Losują, która z nich będzie mogła realizować swoje marzenia o studiach (metodą „ciągnięcia węzełków” na chusteczce). Wygrywa Anna. Paulina, dotrzymuje słowa i nie tylko rezygnuje ze sztuki, ale staje się największym sojusznikiem siostry.


Mimo wygranej w losowaniu – rodzice nadal odmawiają zgody na wyjazd. Wtedy Anna rozpoczyna głodówkę. Po tygodniu łez, prób perswazji (kluczowa rola Pauliny, ulubienicy ojca) i negocjacji, opór zostaje przełamany. W 1871 roku Anna zdaje egzaminy wstępne, otwierając sobie drogę na zagraniczne studia. Jej determinacja i siostrzany pakt – oto klucze do dalszej historii.

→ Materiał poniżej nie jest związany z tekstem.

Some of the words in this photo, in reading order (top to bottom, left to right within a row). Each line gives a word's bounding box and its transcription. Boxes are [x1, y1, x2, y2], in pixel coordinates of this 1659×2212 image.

Żaby, kurara i kryształowe kufle


W 1871 roku siedemnastoletnia Anna wyrusza do Zurychu – jednego z nielicznych miejsc w Europie, gdzie kobiety mogły wówczas studiować medycynę. To akt buntu, ale potrzeba strategicznych posunięć. Szwajcaria wymaga gimnazjalnego świadectwa odpowiadającego programowi męskiemu. Anna, po latach edukacji domowej i przygotowaniach w Warszawie, zdobywa je eksternistycznie pod opieką uznanych przyrodników Eugeniusza Dziewulskiego i Antoniego Ślusarskiego.

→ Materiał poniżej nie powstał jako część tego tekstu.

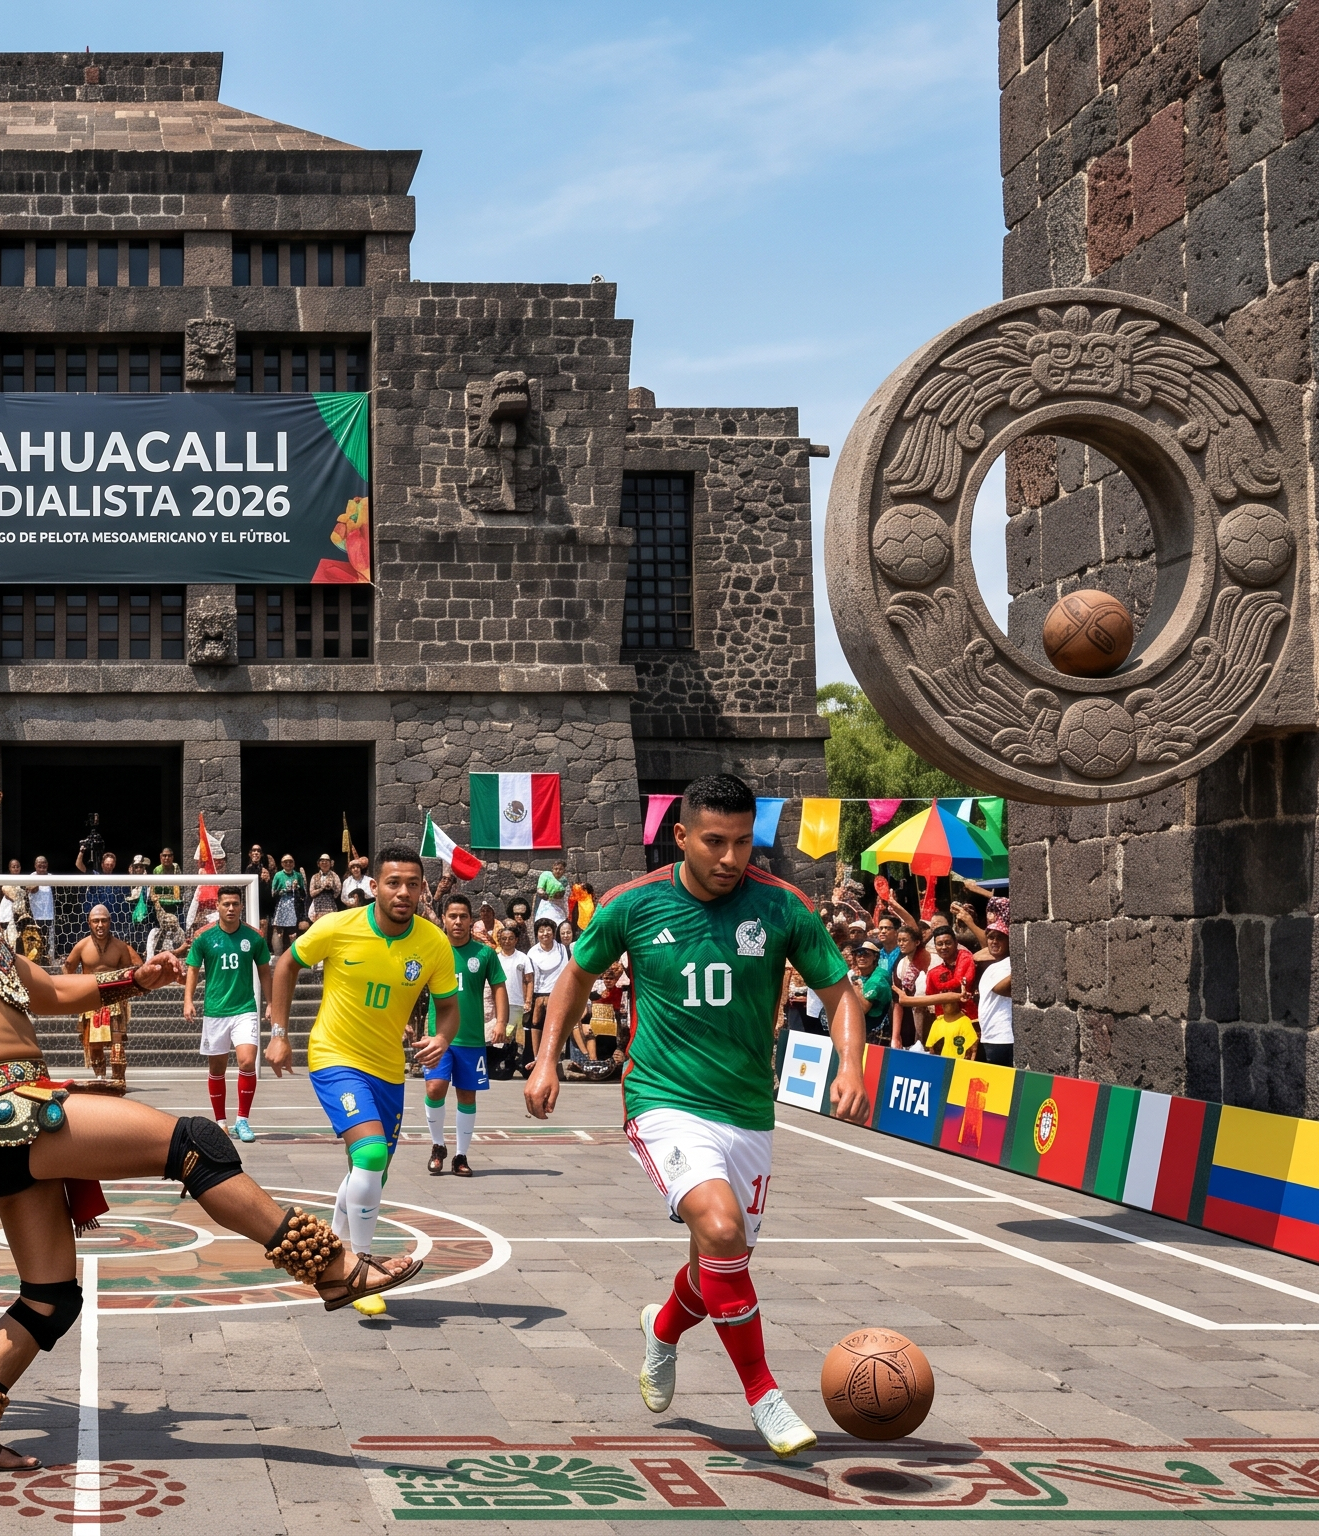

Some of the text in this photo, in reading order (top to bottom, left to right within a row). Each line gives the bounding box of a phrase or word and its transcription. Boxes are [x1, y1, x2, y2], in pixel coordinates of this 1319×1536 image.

[191, 484, 291, 518] 2026
[20, 531, 36, 543] DE
[40, 531, 89, 543] PELOTA
[92, 531, 206, 543] MESOAMERICANO
[209, 531, 219, 543] Y
[222, 531, 237, 543] EL
[239, 528, 291, 543] FÚTBOL
[364, 981, 391, 1010] 10
[682, 962, 732, 1007] 10
[476, 1055, 487, 1075] 4
[889, 1075, 929, 1117] FIFA
[746, 1174, 771, 1215] 1
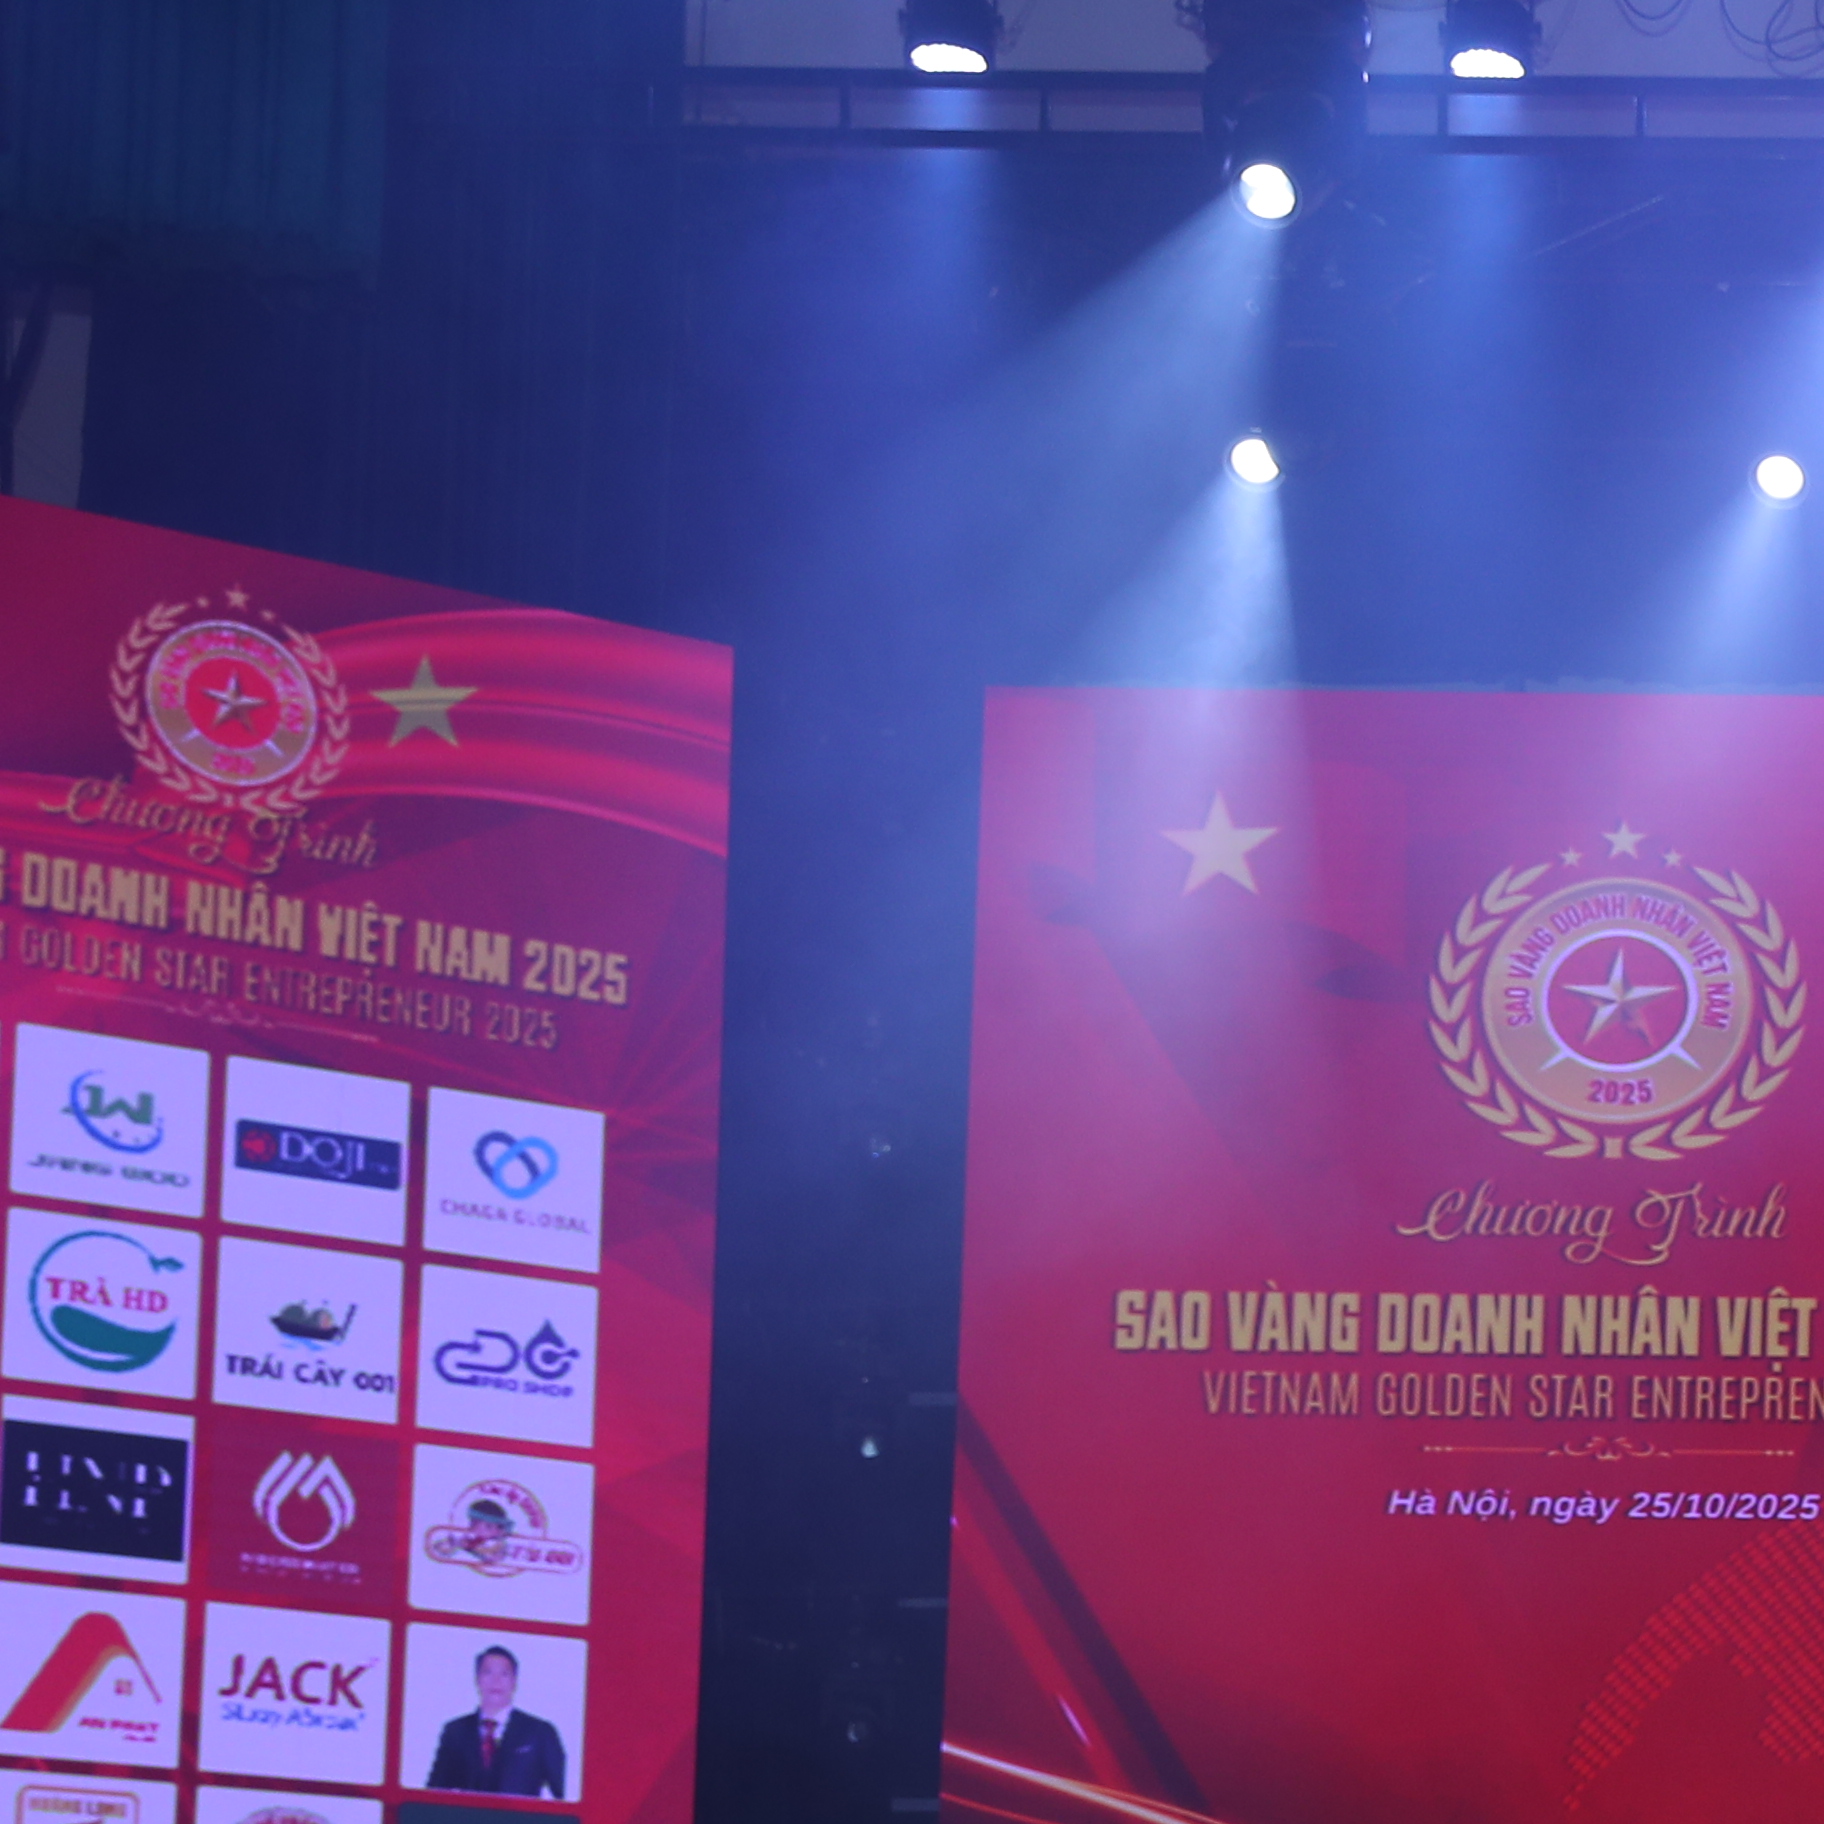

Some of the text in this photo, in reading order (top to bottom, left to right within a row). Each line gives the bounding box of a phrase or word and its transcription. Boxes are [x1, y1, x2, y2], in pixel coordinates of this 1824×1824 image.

[22, 851, 169, 929] DOANH
[186, 877, 302, 952] NHÂN
[318, 899, 402, 966] VIỆT
[415, 922, 511, 987] NAM
[523, 938, 630, 1005] 2025
[21, 925, 142, 982] GOLDEN
[155, 947, 228, 995] STAR
[246, 961, 472, 1037] ENTREPRENEUR
[484, 1001, 559, 1051] 2025
[1588, 1078, 1654, 1105] 2025
[279, 1130, 366, 1180] DOJI
[1396, 1179, 1789, 1264] Chương Trình
[46, 1274, 169, 1314] TRÀ HD
[1116, 1289, 1211, 1351] SAO
[1228, 1280, 1360, 1353] VÀNG
[1378, 1292, 1544, 1355] DOANH
[1562, 1286, 1699, 1356] NHÂN
[1718, 1286, 1815, 1373] VIỆT
[225, 1351, 396, 1395] TRÁI CÂY 001
[1202, 1370, 1360, 1417] VIETNAM
[1376, 1370, 1512, 1418] GOLDEN
[1528, 1372, 1614, 1419] STAR
[1388, 1486, 1821, 1524] Hà Nội, ngày 25/10/2025
[217, 1653, 369, 1710] JACK

Zurych przyjmuje ją zimą 1871 roku. W księdze immatrykulacyjnej lakoniczny wpis: „Warschau”. Codzienność studentek-medyczek to walka z egzystencją: „ciasne poddasza, chleb z jabłkiem” – jak opisuje Teodor Tomasz Jeż w powieści „Jaskółki”. Zajęcia z anatomii w prosektorium doprowadzają niektóre do omdleń, inne uciekają „jakby ścigały je trupy”. Anna przetrzymuje ten chrzest, choć droga jest wyboista.


Czytaj też: Zabić posła. Warszawski kryminał z podlaskim sercem

Bywają jednak chwile oddechu. Bohaterki Jeża wchodzą do studenckiej knajpy:


„Dymy uchodziły na wolne powietrze, nawet kufle były nie cynowe, nie gliniane, ale kryształowe. I studenci, którzy przy kuflach z papierosami siedzieli, wydali się jej lepiej, aniżeli w audytoryum. Toć to ludzie – młodzi wprawdzie – ale ludzie! Piwo i papierosy nadawały im akcent obiecujący jakiś. Toć to koledzy!”

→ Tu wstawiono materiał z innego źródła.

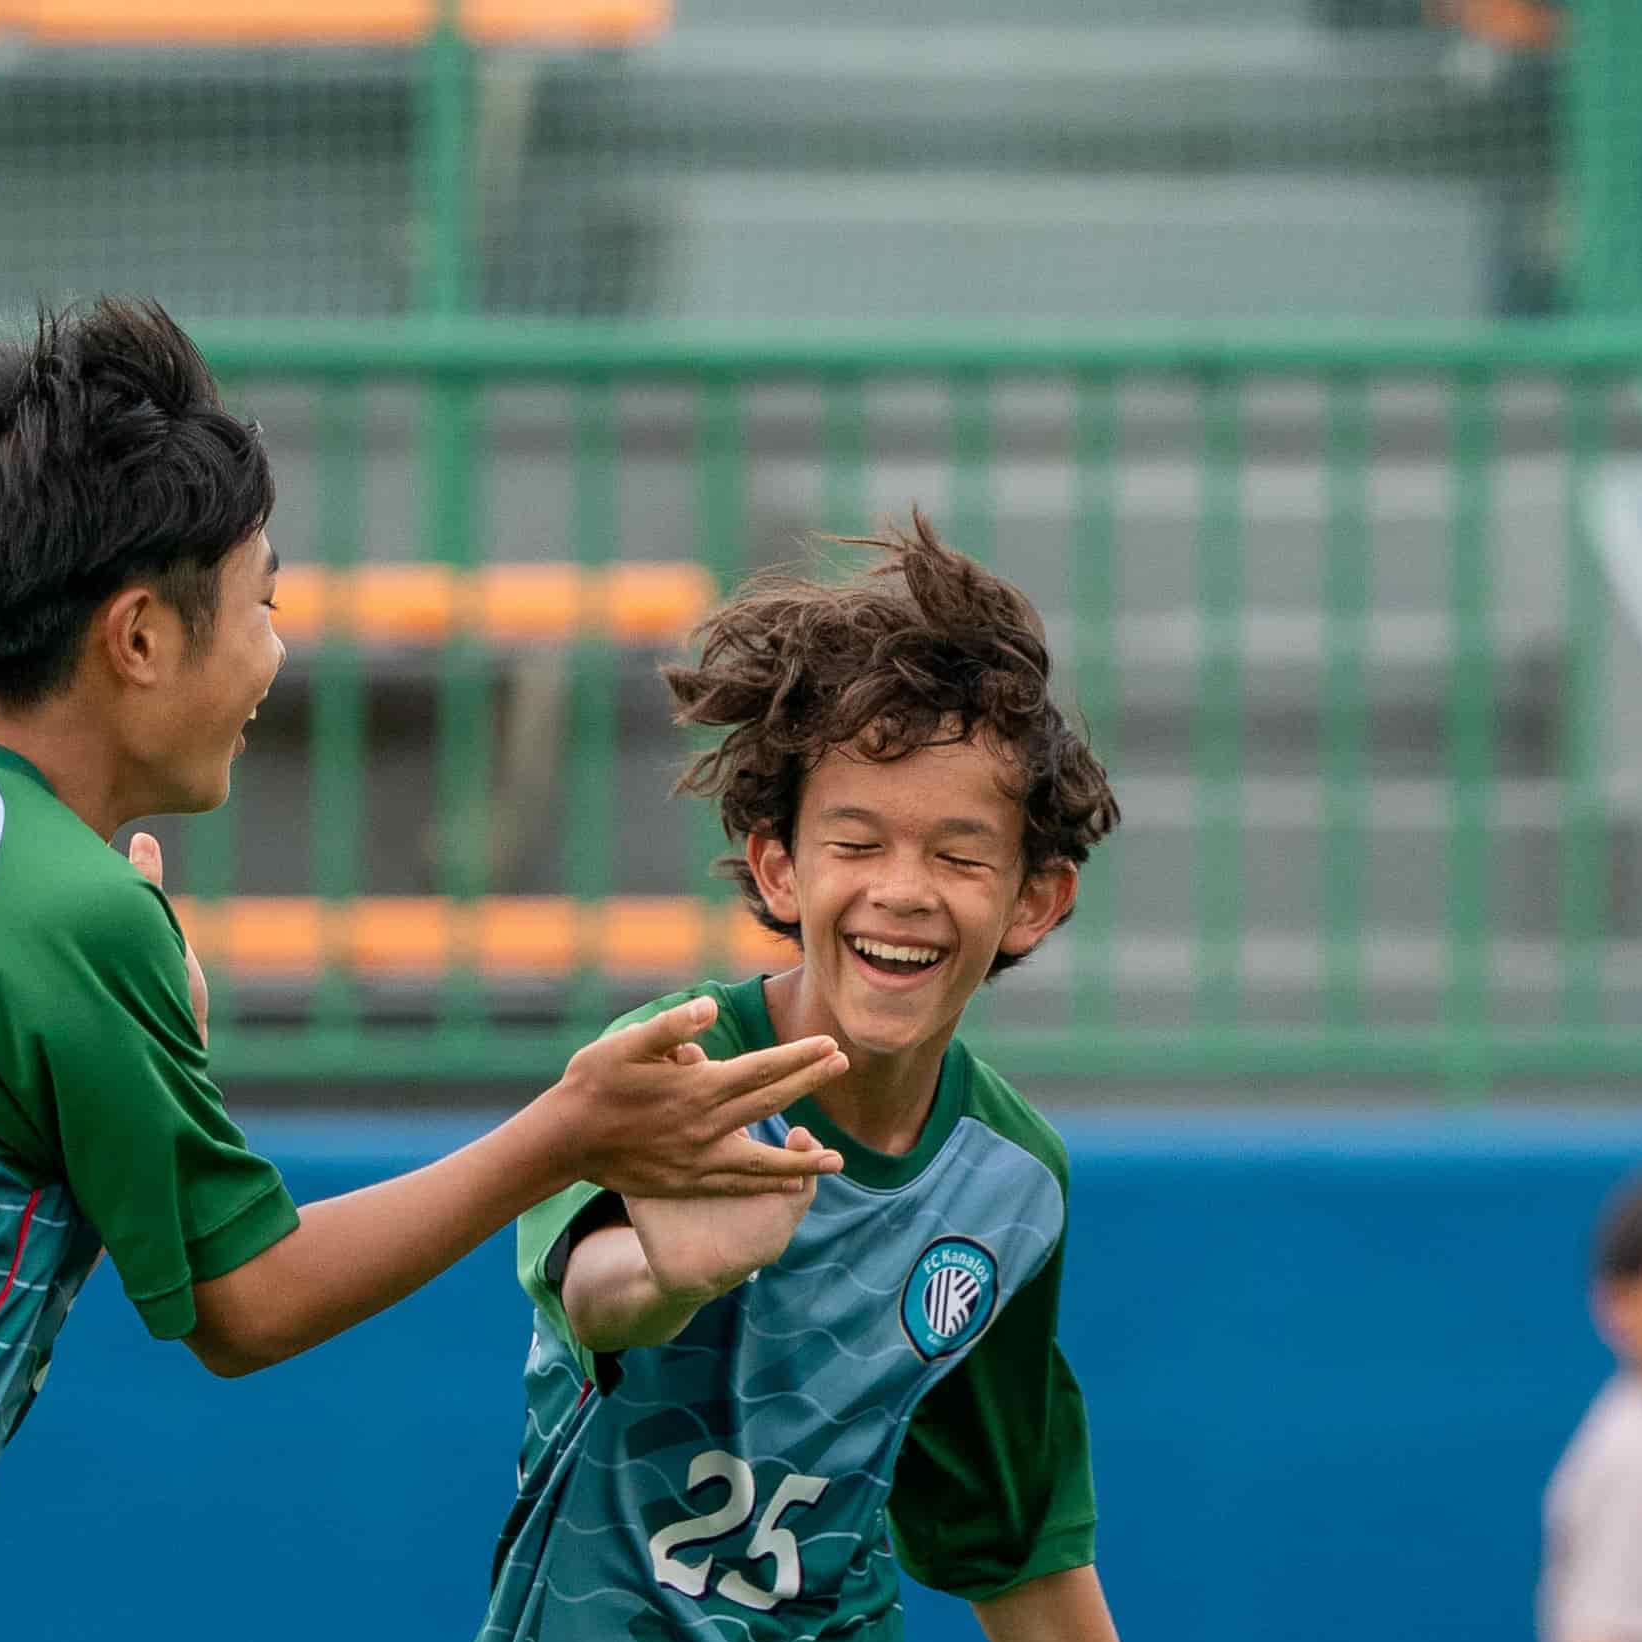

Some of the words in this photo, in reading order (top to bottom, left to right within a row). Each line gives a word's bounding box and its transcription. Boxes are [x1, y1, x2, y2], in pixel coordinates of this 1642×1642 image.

[923, 1253, 942, 1275] FC
[941, 1248, 991, 1285] Kanaloa
[648, 1449, 831, 1612] 25

W 1874 roku Anna przerywa studia. Powód? Może konflikt z promotorem – iskrzy między nimi? – a może kłopoty finansowe. Do Zurychu wraca w 1876 roku, ponownie się immatrykulując.

Na piątym roku trafia do laboratorium Ludimara Hermanna – fizjologa rewolucjonizującego rozumienie impulsów nerwowych. Jako jego asystentka przeprowadza kluczowe eksperymenty, niedostępne wcześniej kobietom: wstrzykuje kurarę żabom i żółwiom, by zbadać prędkość przewodzenia w mięśniach. Jej ręce kalibrują zmodyfikowany aparat du Bois-Reymonda. Wyniki pięciu pierwszych serii pomiarowych (wykonanych wyłącznie przez nią) trafiają do przełomowej publikacji Hermanna (1875). Choć wspomni ją tylko w przypisie („Die fünf ersten Versuchsreihen von Frl. Tomascewicz”), to właśnie jej precyzyjne użycie metody Pouilleta na mięśniu.


Sartorius potwierdza: prędkość przewodzenia sięga 3 m/s – trzykrotnie więcej niż sądzono.

Ta współpraca otwiera Annie drogę do doktoratu. W 1877 roku broni rozprawy o błędniku ucha, czerpiąc z metodologii Hermanna: mierzy reakcje narządu równowagi z nieznaną dotąd precyzją. Jej wcześniejsza publikacja o chloralu (1874) w prestiżowym „Archiv für Physiologie” dowodzi również: już jako studentka prowadziła samodzielne badania.


Po doktoracie – czas na staże. Najpierw Wiedeń – tam doskonali ginekologię i położnictwo u czołowych specjalistów. Później Berlin – szlifuje pediatrię i choroby zakaźne.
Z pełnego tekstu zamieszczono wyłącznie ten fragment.